WORK ITEM: Copy out the records precisely, omitting pictures.

PROVIDED DATA:
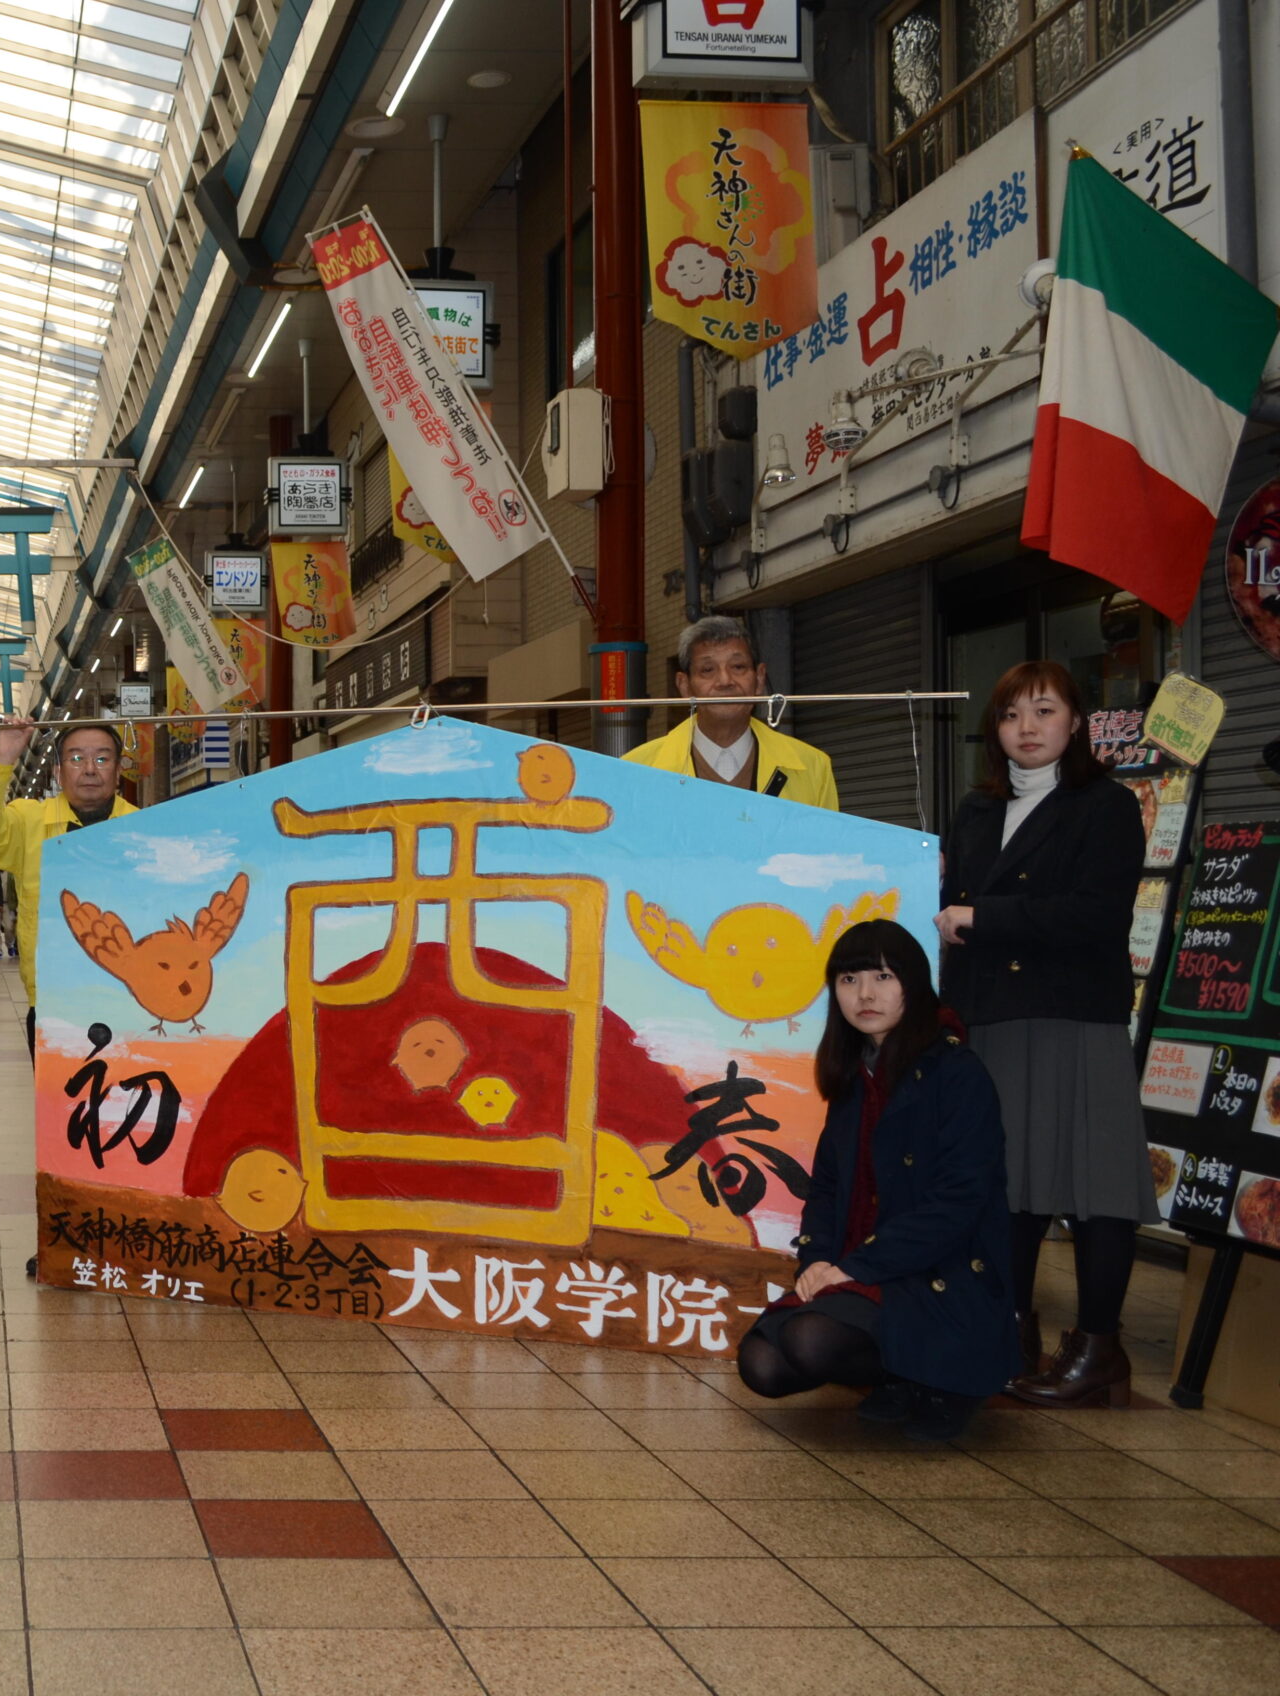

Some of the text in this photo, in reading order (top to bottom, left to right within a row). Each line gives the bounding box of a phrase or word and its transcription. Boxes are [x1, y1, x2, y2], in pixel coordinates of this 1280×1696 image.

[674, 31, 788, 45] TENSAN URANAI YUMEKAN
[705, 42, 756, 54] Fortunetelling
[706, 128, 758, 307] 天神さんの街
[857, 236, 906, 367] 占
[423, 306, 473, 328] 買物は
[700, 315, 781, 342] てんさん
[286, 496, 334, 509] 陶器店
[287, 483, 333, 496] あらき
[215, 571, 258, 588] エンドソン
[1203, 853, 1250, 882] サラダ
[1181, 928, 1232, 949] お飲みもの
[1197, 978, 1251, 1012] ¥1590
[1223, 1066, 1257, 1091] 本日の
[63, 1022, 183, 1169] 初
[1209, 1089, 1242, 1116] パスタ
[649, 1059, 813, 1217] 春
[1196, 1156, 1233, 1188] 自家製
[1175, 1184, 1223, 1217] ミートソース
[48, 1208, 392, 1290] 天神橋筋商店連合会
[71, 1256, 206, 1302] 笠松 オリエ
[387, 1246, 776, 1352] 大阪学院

EXPECTED ANSWER:
Some of the text in this photo, in reading order (top to bottom, left to right within a row). Each line gives the bounding box of a phrase or word and its transcription. Boxes are [x1, y1, x2, y2], in pixel coordinates of this 1280×1696 image.

[674, 31, 788, 45] TENSAN URANAI YUMEKAN
[705, 42, 756, 54] Fortunetelling
[706, 128, 758, 307] 天神さんの街
[857, 236, 906, 367] 占
[423, 306, 473, 328] 買物は
[700, 315, 781, 342] てんさん
[286, 496, 334, 509] 陶器店
[287, 483, 333, 496] あらき
[215, 571, 258, 588] エンドソン
[1203, 853, 1250, 882] サラダ
[1181, 928, 1232, 949] お飲みもの
[1197, 978, 1251, 1012] ¥1590
[1223, 1066, 1257, 1091] 本日の
[63, 1022, 183, 1169] 初
[1209, 1089, 1242, 1116] パスタ
[649, 1059, 813, 1217] 春
[1196, 1156, 1233, 1188] 自家製
[1175, 1184, 1223, 1217] ミートソース
[48, 1208, 392, 1290] 天神橋筋商店連合会
[71, 1256, 206, 1302] 笠松 オリエ
[387, 1246, 776, 1352] 大阪学院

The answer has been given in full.